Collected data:
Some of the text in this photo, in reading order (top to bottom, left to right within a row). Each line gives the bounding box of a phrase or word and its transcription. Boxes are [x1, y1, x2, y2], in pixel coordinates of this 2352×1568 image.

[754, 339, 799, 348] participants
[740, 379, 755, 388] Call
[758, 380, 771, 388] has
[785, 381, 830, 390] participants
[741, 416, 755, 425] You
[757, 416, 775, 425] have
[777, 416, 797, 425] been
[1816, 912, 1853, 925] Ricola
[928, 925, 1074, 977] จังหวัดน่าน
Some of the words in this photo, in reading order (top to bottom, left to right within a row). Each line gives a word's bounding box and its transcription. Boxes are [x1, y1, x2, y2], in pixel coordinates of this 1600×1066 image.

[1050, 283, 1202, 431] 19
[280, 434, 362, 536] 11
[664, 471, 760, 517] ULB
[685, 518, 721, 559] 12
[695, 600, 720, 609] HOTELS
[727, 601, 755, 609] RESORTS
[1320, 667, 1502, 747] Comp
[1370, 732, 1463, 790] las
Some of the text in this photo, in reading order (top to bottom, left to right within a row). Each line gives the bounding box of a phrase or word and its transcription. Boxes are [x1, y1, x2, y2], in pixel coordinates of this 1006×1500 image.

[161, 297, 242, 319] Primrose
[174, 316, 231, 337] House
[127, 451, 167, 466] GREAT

PROBLEM DESCRIPTION: The data must be printed verbatim, line by line.

RESULT BELOW:
Some of the text in this photo, in reading order (top to bottom, left to right within a row). Each line gives the bounding box of a phrase or word and its transcription. Boxes are [x1, y1, x2, y2], in pixel coordinates of this 2352×1568 image.

[754, 339, 799, 348] participants
[740, 379, 755, 388] Call
[758, 380, 771, 388] has
[785, 381, 830, 390] participants
[741, 416, 755, 425] You
[757, 416, 775, 425] have
[777, 416, 797, 425] been
[1816, 912, 1853, 925] Ricola
[928, 925, 1074, 977] จังหวัดน่าน
Some of the words in this photo, in reading order (top to bottom, left to right within a row). Each line gives a word's bounding box and its transcription. Boxes are [x1, y1, x2, y2], in pixel coordinates of this 1600×1066 image.

[1050, 283, 1202, 431] 19
[280, 434, 362, 536] 11
[664, 471, 760, 517] ULB
[685, 518, 721, 559] 12
[695, 600, 720, 609] HOTELS
[727, 601, 755, 609] RESORTS
[1320, 667, 1502, 747] Comp
[1370, 732, 1463, 790] las
Some of the text in this photo, in reading order (top to bottom, left to right within a row). Each line gives the bounding box of a phrase or word and its transcription. Boxes are [x1, y1, x2, y2], in pixel coordinates of this 1006×1500 image.

[161, 297, 242, 319] Primrose
[174, 316, 231, 337] House
[127, 451, 167, 466] GREAT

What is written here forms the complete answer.